= Working data =
# # # # # # #

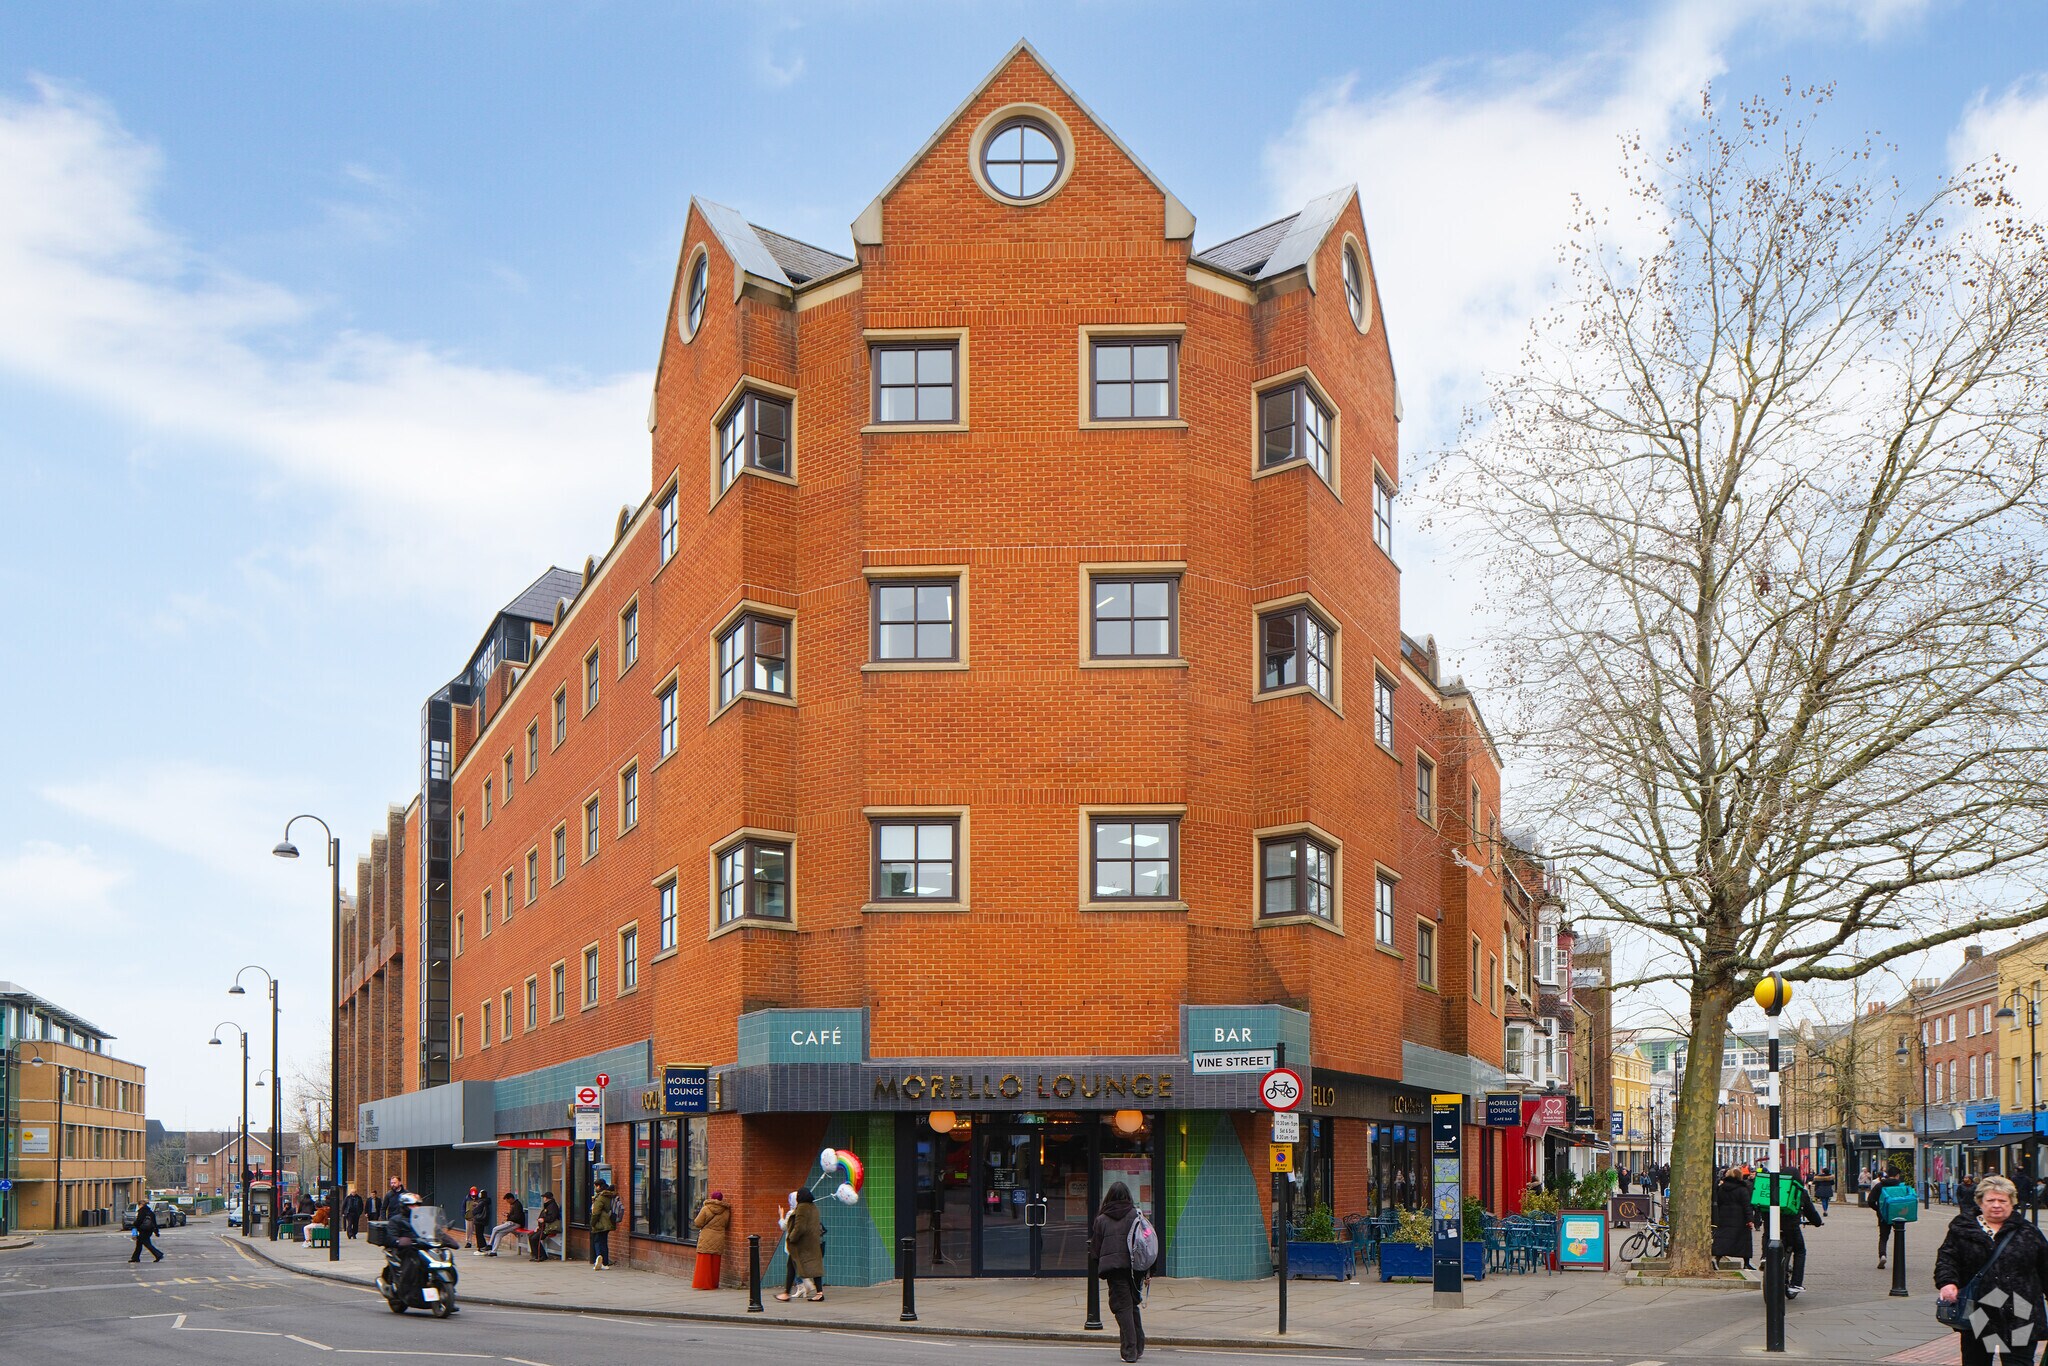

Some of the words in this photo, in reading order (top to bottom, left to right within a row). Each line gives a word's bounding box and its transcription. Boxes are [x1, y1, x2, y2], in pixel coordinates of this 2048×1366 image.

[791, 1027, 842, 1045] CAFÉ
[1214, 1028, 1252, 1042] BAR
[1196, 1057, 1223, 1067] VINE
[1226, 1056, 1271, 1066] STREET
[599, 1075, 606, 1085] T
[667, 1077, 705, 1085] MORELLO
[669, 1087, 704, 1096] LOUNGE
[874, 1074, 1022, 1099] MORELLO
[1038, 1073, 1172, 1099] LOUNGE
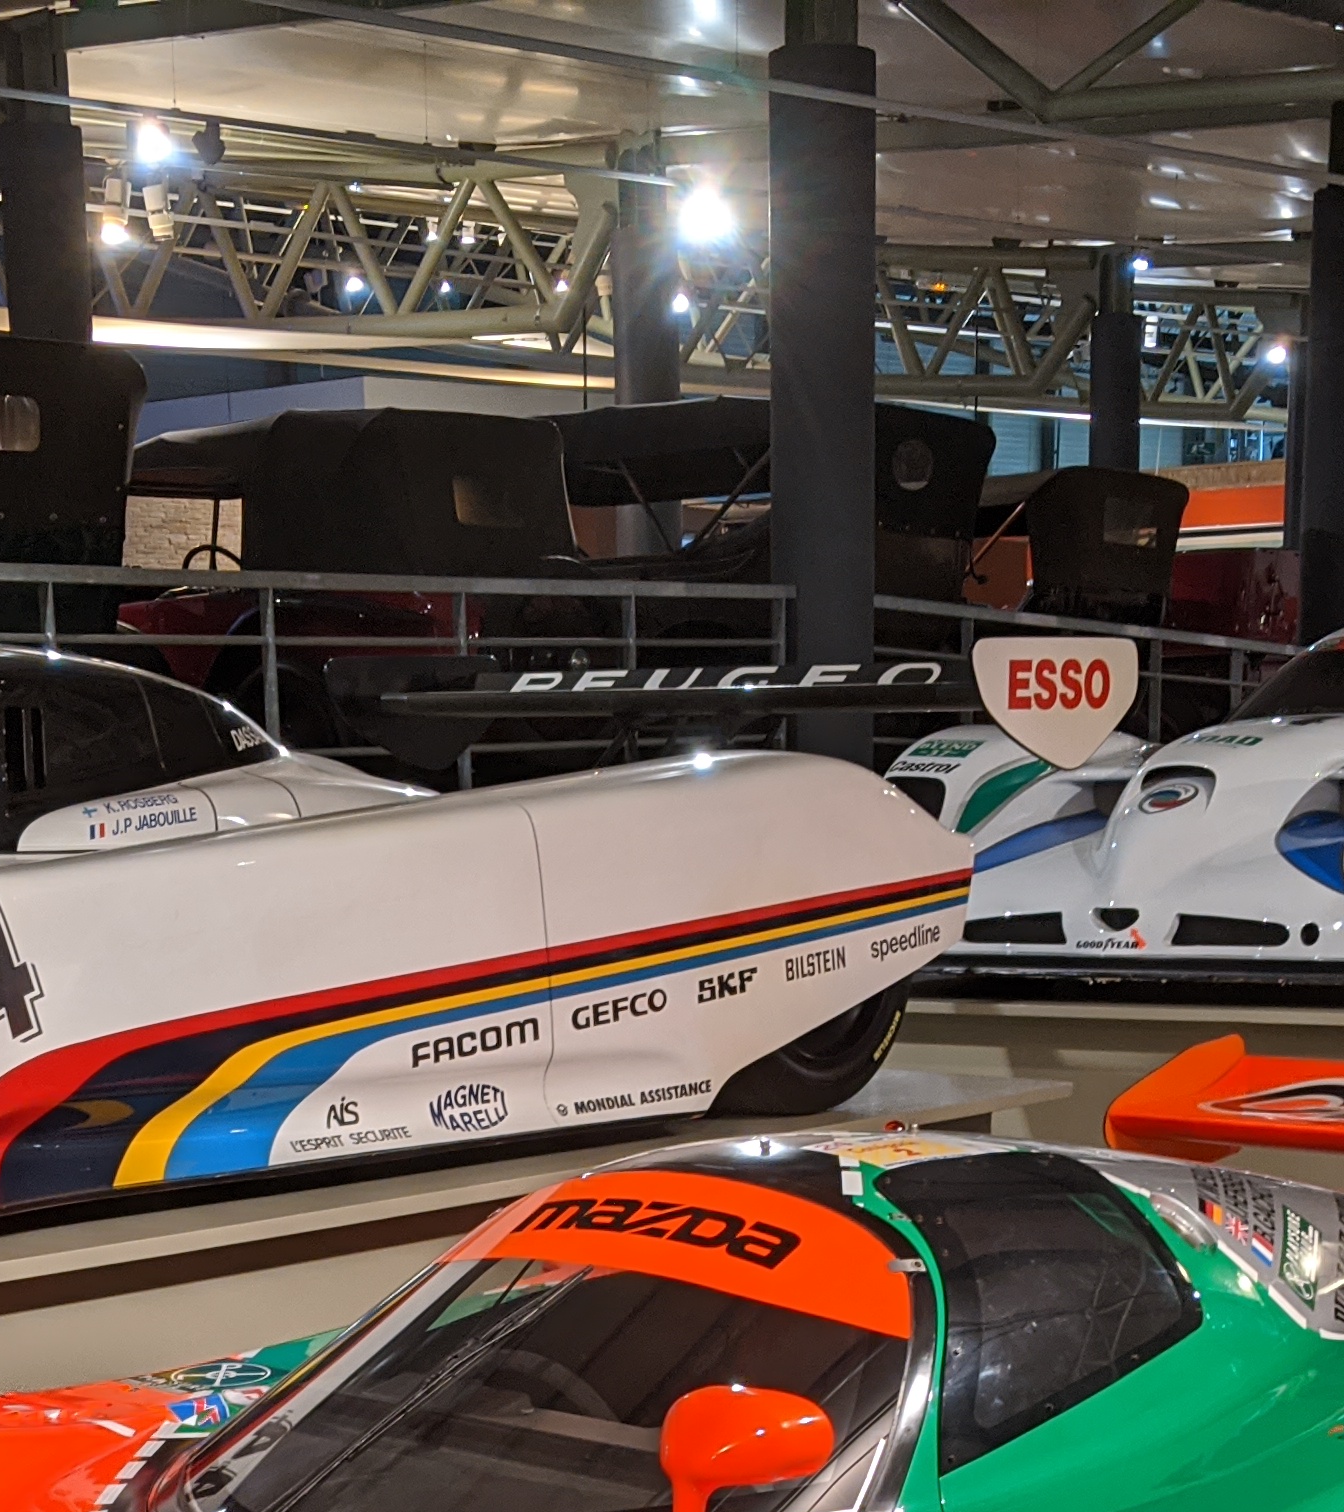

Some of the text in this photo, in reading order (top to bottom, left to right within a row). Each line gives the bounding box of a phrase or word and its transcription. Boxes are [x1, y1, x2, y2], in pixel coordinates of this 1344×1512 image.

[509, 662, 943, 693] PEUGEO
[1008, 658, 1110, 710] ESSO
[889, 760, 961, 774] Castrol
[135, 807, 197, 831] JABOUILLE
[870, 924, 941, 963] speedline
[785, 946, 847, 982] BILSTEIN
[697, 967, 758, 1004] SKF
[572, 988, 667, 1030] GEFCO
[412, 1017, 540, 1069] FACOM
[574, 1079, 712, 1115] MONDIAL ASSISTANCE
[349, 1126, 412, 1146] SECURITE

# # # # # # #

Which lines run from the one containing "Some of the text" to the end of the data? Output them exactly, with nothing added.

Some of the text in this photo, in reading order (top to bottom, left to right within a row). Each line gives the bounding box of a phrase or word and its transcription. Boxes are [x1, y1, x2, y2], in pixel coordinates of this 1344×1512 image.

[509, 662, 943, 693] PEUGEO
[1008, 658, 1110, 710] ESSO
[889, 760, 961, 774] Castrol
[135, 807, 197, 831] JABOUILLE
[870, 924, 941, 963] speedline
[785, 946, 847, 982] BILSTEIN
[697, 967, 758, 1004] SKF
[572, 988, 667, 1030] GEFCO
[412, 1017, 540, 1069] FACOM
[574, 1079, 712, 1115] MONDIAL ASSISTANCE
[349, 1126, 412, 1146] SECURITE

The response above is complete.